■ **Work task**
Produce a verbatim copy of the data below that contains no pictures.

(Material to process begins)

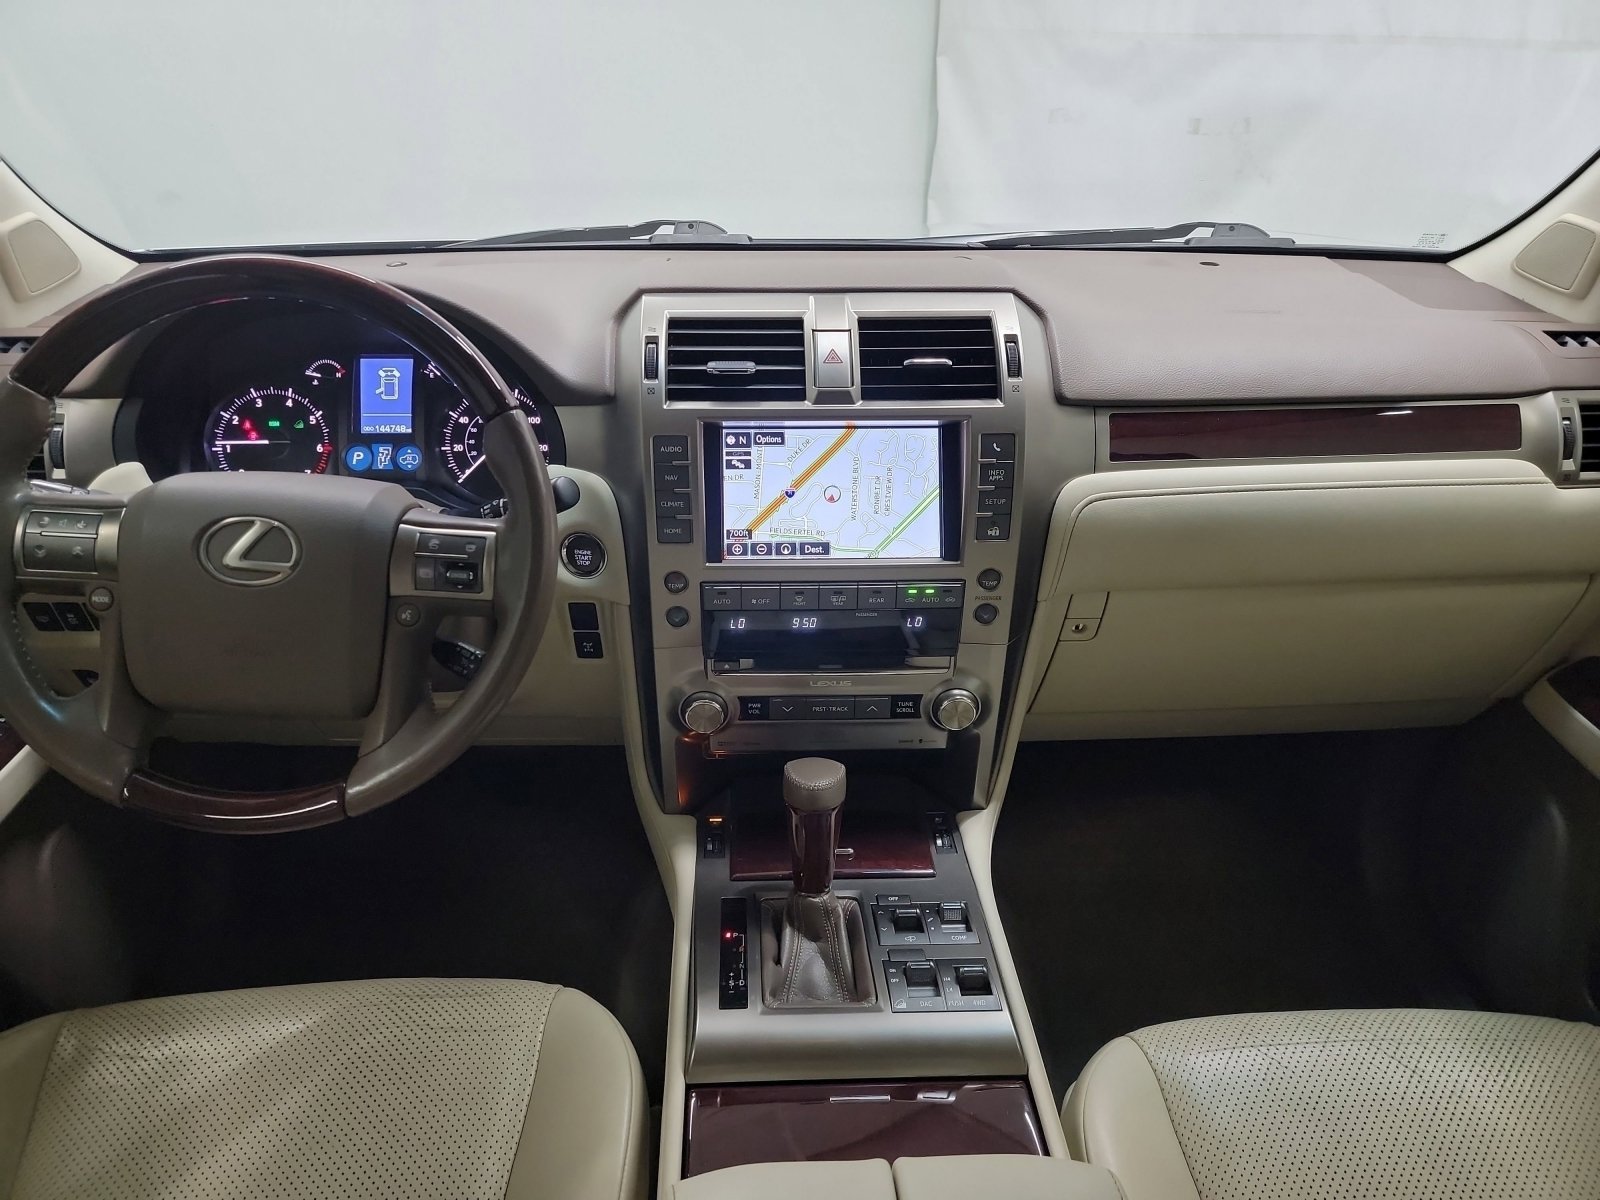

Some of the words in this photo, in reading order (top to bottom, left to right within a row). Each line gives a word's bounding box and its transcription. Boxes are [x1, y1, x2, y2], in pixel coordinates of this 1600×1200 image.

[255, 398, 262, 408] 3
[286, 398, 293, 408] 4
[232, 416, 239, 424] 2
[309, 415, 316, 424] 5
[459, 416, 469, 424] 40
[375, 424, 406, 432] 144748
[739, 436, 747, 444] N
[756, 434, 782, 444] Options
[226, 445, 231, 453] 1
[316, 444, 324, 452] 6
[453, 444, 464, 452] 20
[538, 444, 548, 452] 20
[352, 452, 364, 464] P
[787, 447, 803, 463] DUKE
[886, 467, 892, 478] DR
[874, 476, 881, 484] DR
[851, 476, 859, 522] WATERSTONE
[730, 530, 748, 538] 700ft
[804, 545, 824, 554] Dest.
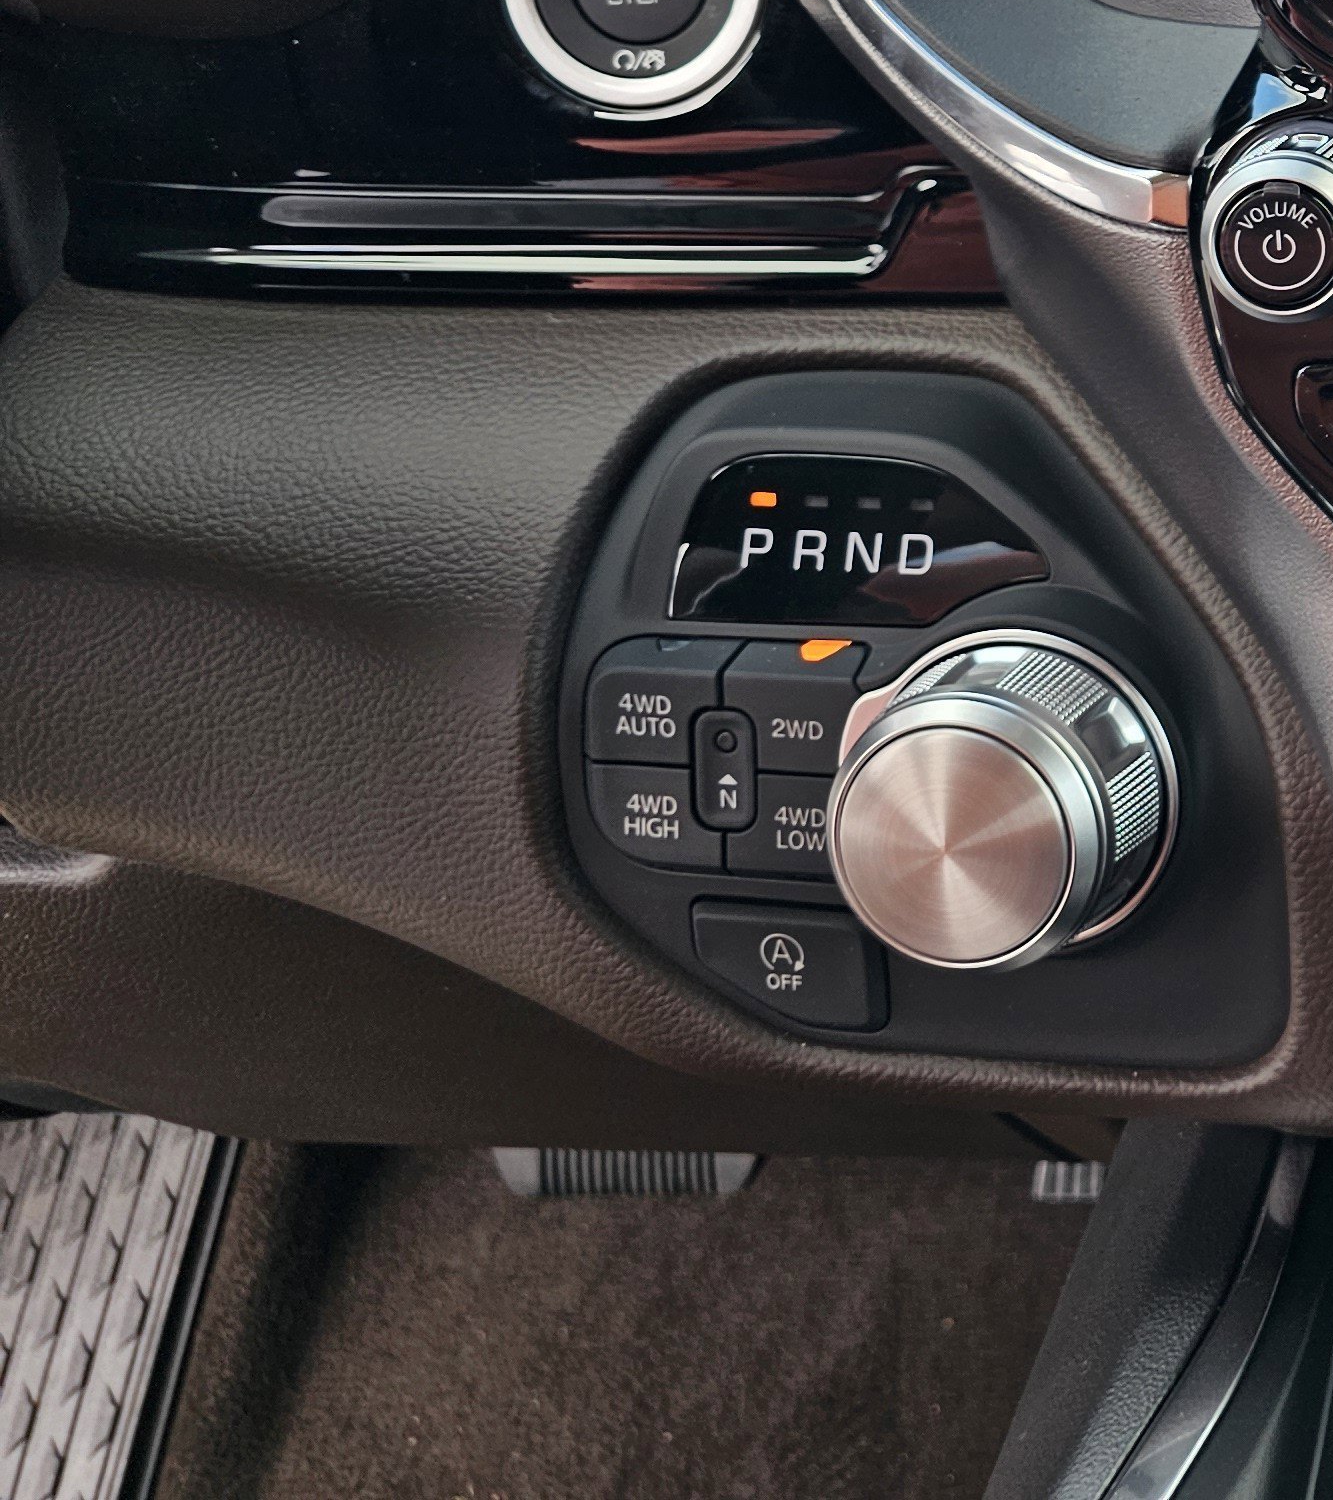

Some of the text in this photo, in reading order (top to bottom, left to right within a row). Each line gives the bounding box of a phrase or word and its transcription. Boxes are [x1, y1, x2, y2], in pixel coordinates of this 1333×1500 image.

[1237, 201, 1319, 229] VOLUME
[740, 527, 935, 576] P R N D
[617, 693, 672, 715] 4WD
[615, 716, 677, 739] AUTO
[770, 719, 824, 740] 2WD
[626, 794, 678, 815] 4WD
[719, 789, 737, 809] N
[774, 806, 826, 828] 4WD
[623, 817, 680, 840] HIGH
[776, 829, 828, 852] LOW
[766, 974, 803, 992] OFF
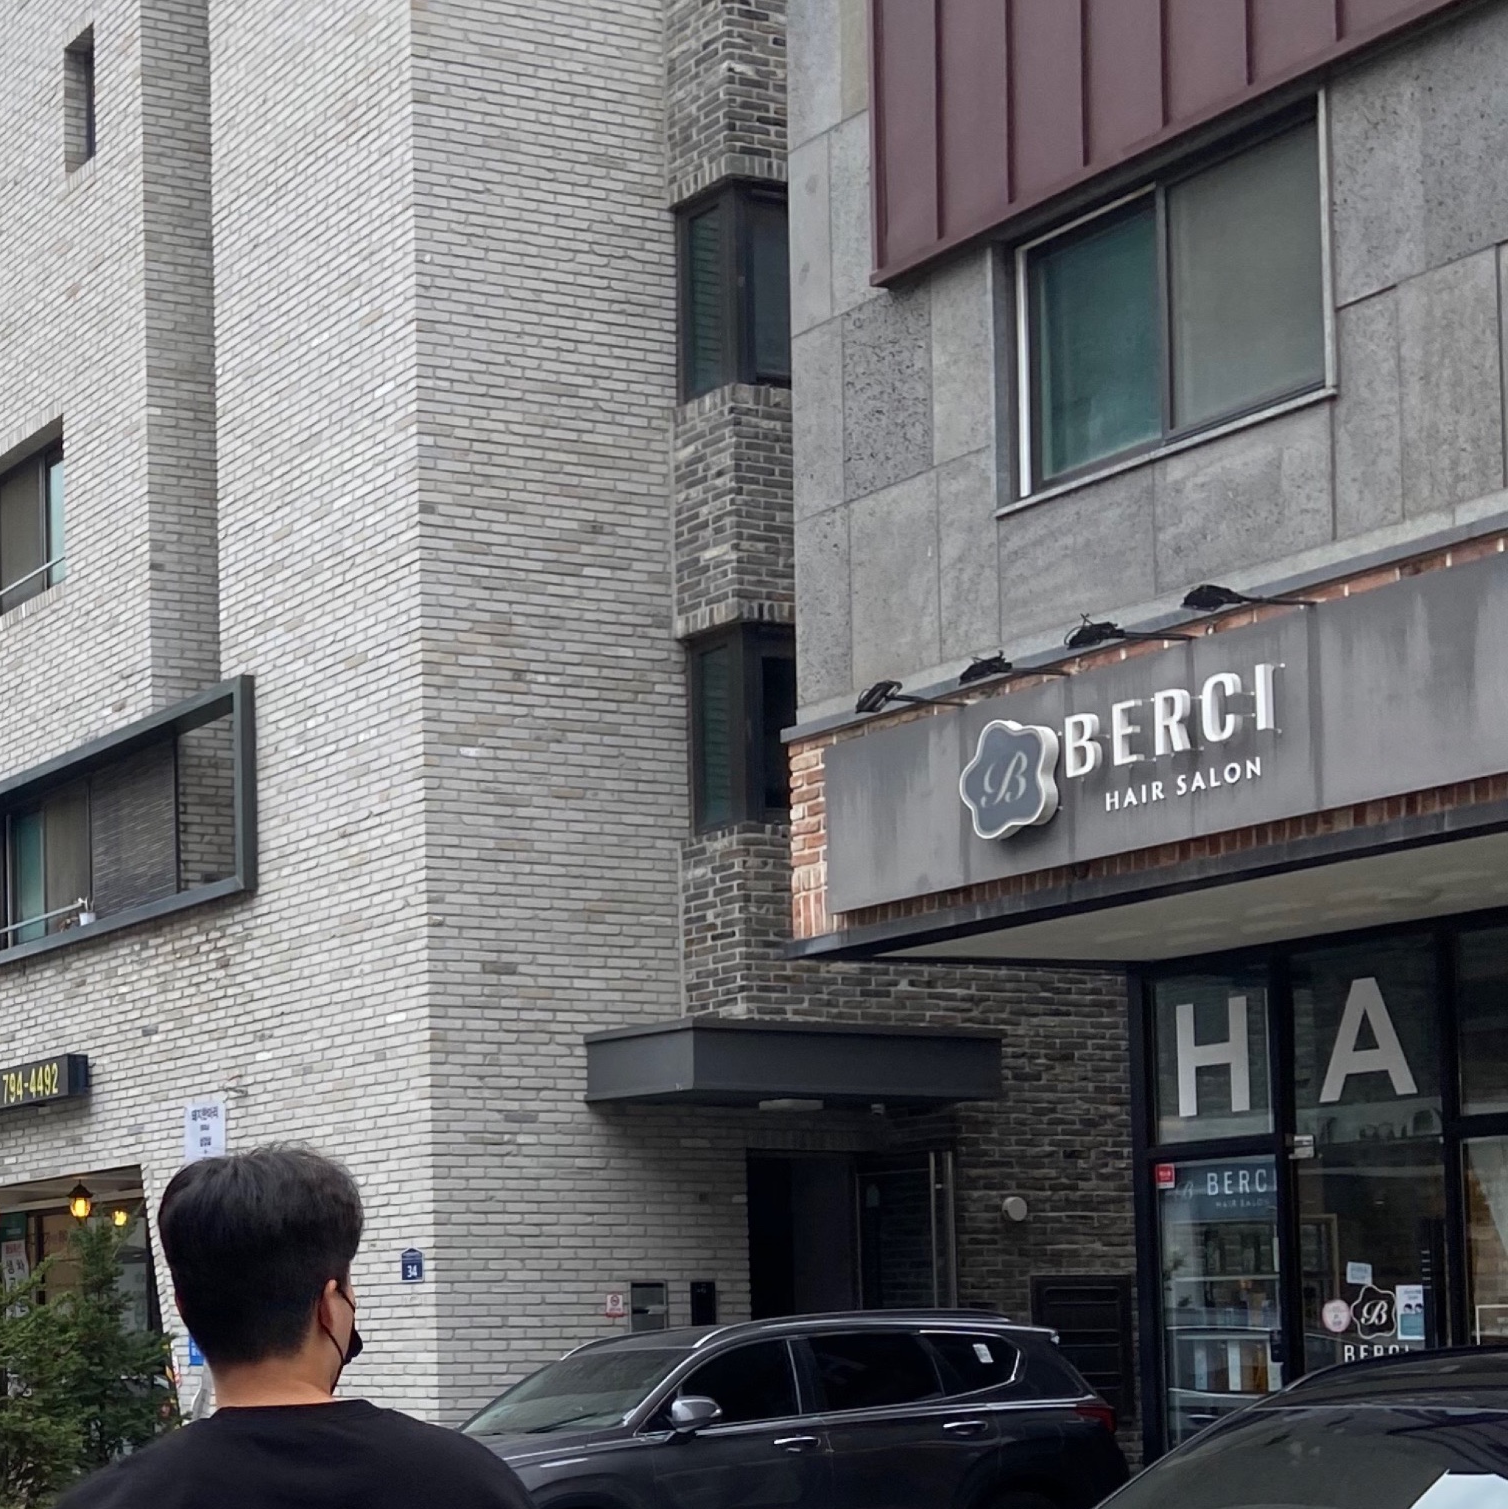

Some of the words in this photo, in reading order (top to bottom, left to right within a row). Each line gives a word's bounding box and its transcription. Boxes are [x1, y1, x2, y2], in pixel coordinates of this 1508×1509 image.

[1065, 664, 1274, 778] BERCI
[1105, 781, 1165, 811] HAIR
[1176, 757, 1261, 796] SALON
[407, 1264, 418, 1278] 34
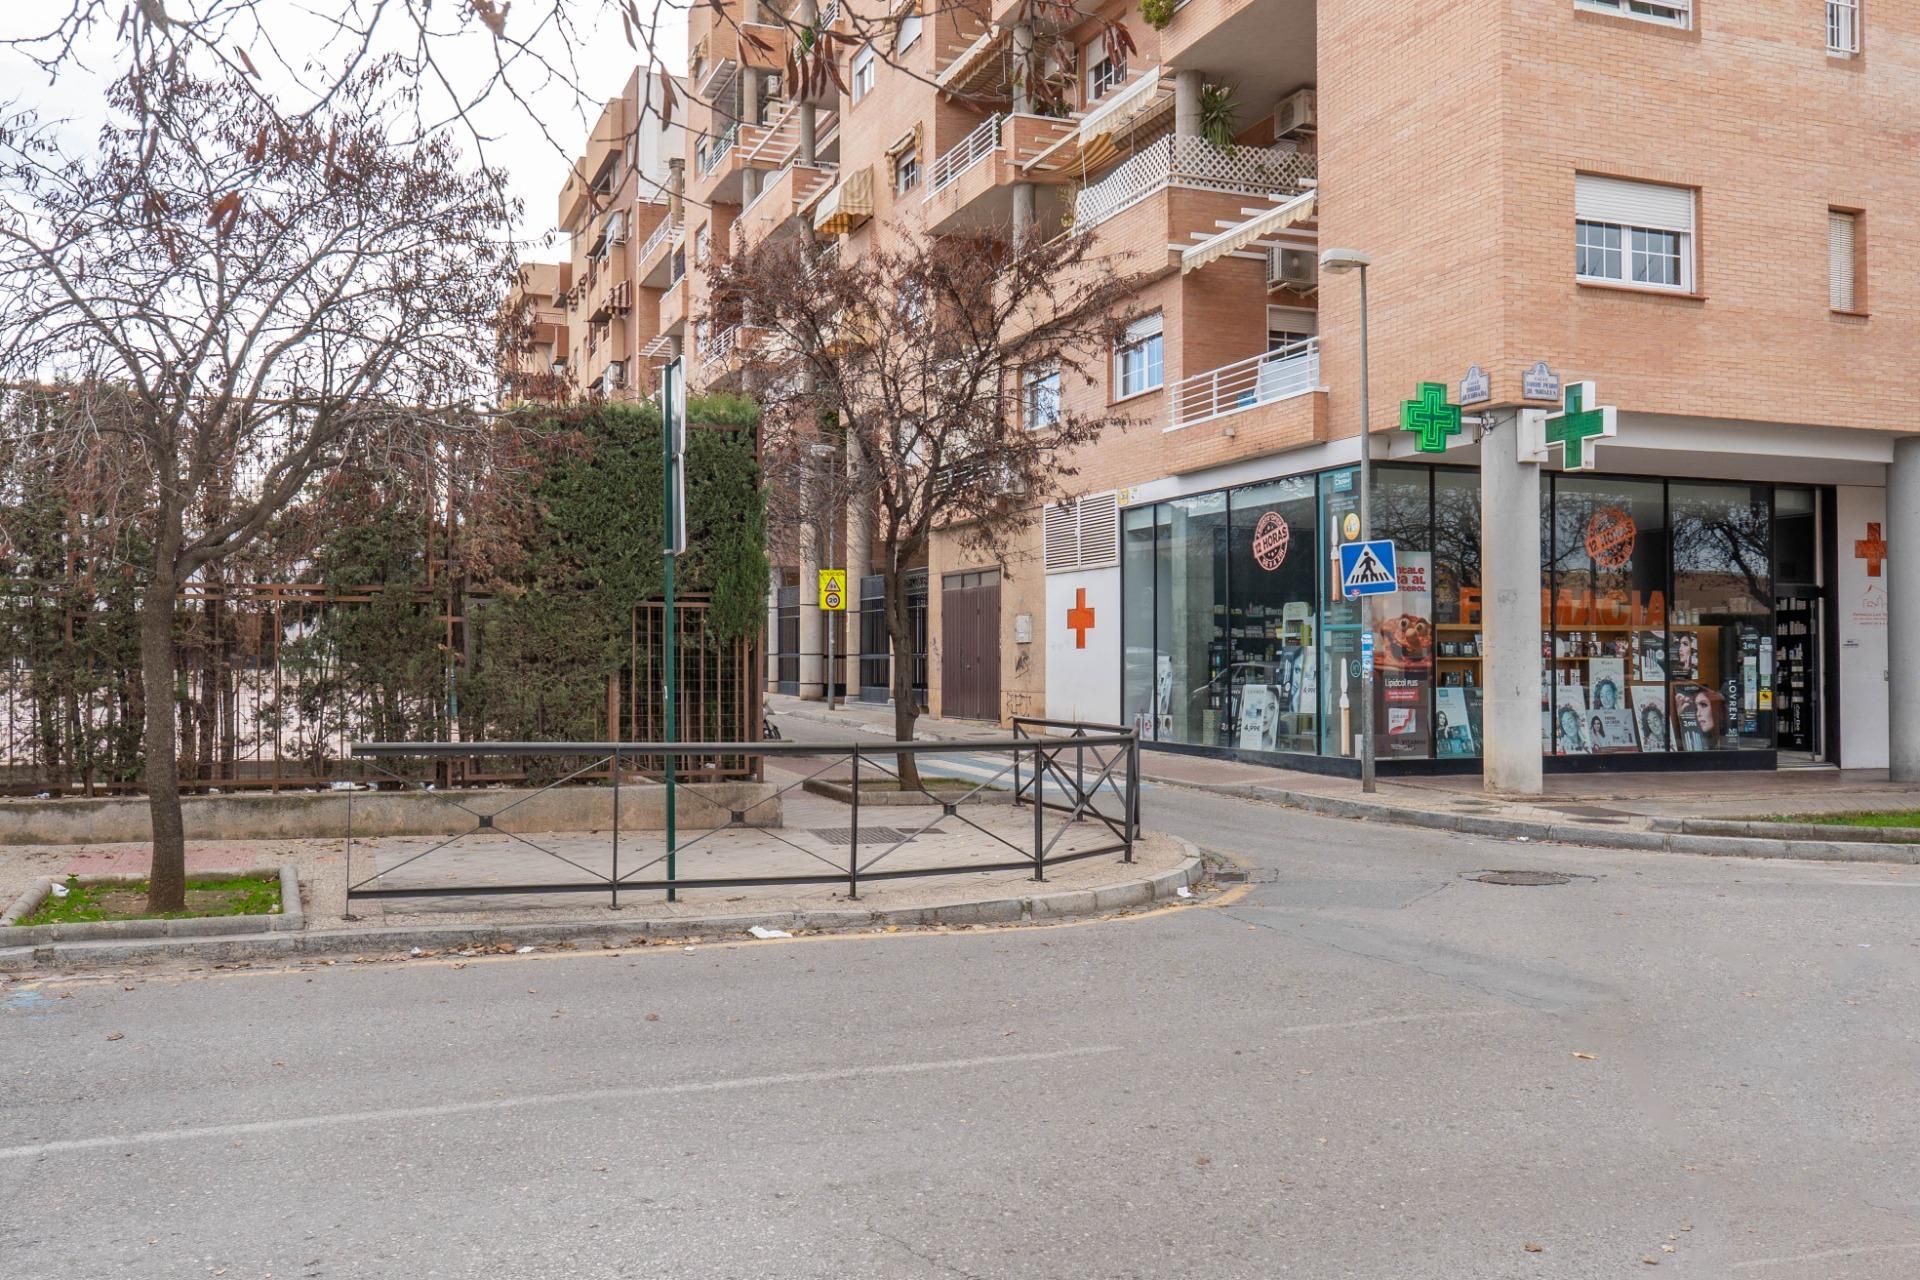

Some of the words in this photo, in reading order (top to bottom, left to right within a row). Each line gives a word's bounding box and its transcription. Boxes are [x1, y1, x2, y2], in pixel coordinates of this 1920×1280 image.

(Material to process ends)

■ **Answer box**
Some of the words in this photo, in reading order (top to bottom, left to right within a row). Each line gives a word's bounding box and its transcription. Boxes are [x1, y1, x2, y2], in pixel coordinates of this 1600×1200 image.

[255, 398, 262, 408] 3
[286, 398, 293, 408] 4
[232, 416, 239, 424] 2
[309, 415, 316, 424] 5
[459, 416, 469, 424] 40
[375, 424, 406, 432] 144748
[739, 436, 747, 444] N
[756, 434, 782, 444] Options
[226, 445, 231, 453] 1
[316, 444, 324, 452] 6
[453, 444, 464, 452] 20
[538, 444, 548, 452] 20
[352, 452, 364, 464] P
[787, 447, 803, 463] DUKE
[886, 467, 892, 478] DR
[874, 476, 881, 484] DR
[851, 476, 859, 522] WATERSTONE
[730, 530, 748, 538] 700ft
[804, 545, 824, 554] Dest.

Some of the text in this photo, in reading order (top to bottom, left to right within a row). Each line gives the bounding box of a phrase or word and its transcription. Boxes are [x1, y1, x2, y2], in pixel coordinates of this 1333×1500 image.

[1237, 201, 1319, 229] VOLUME
[740, 527, 935, 576] P R N D
[617, 693, 672, 715] 4WD
[615, 716, 677, 739] AUTO
[770, 719, 824, 740] 2WD
[626, 794, 678, 815] 4WD
[719, 789, 737, 809] N
[774, 806, 826, 828] 4WD
[623, 817, 680, 840] HIGH
[776, 829, 828, 852] LOW
[766, 974, 803, 992] OFF

Some of the words in this photo, in reading order (top to bottom, left to right within a row). Each line gives a word's bounding box and its transcription. Boxes are [x1, y1, x2, y2], in pixel coordinates of this 1508×1509 image.

[1065, 664, 1274, 778] BERCI
[1105, 781, 1165, 811] HAIR
[1176, 757, 1261, 796] SALON
[407, 1264, 418, 1278] 34

Some of the words in this photo, in reading order (top to bottom, left to right within a row). Each line gives a word's bounding box and its transcription. Boxes are [x1, y1, x2, y2], in pixel coordinates of this 1920×1280 image.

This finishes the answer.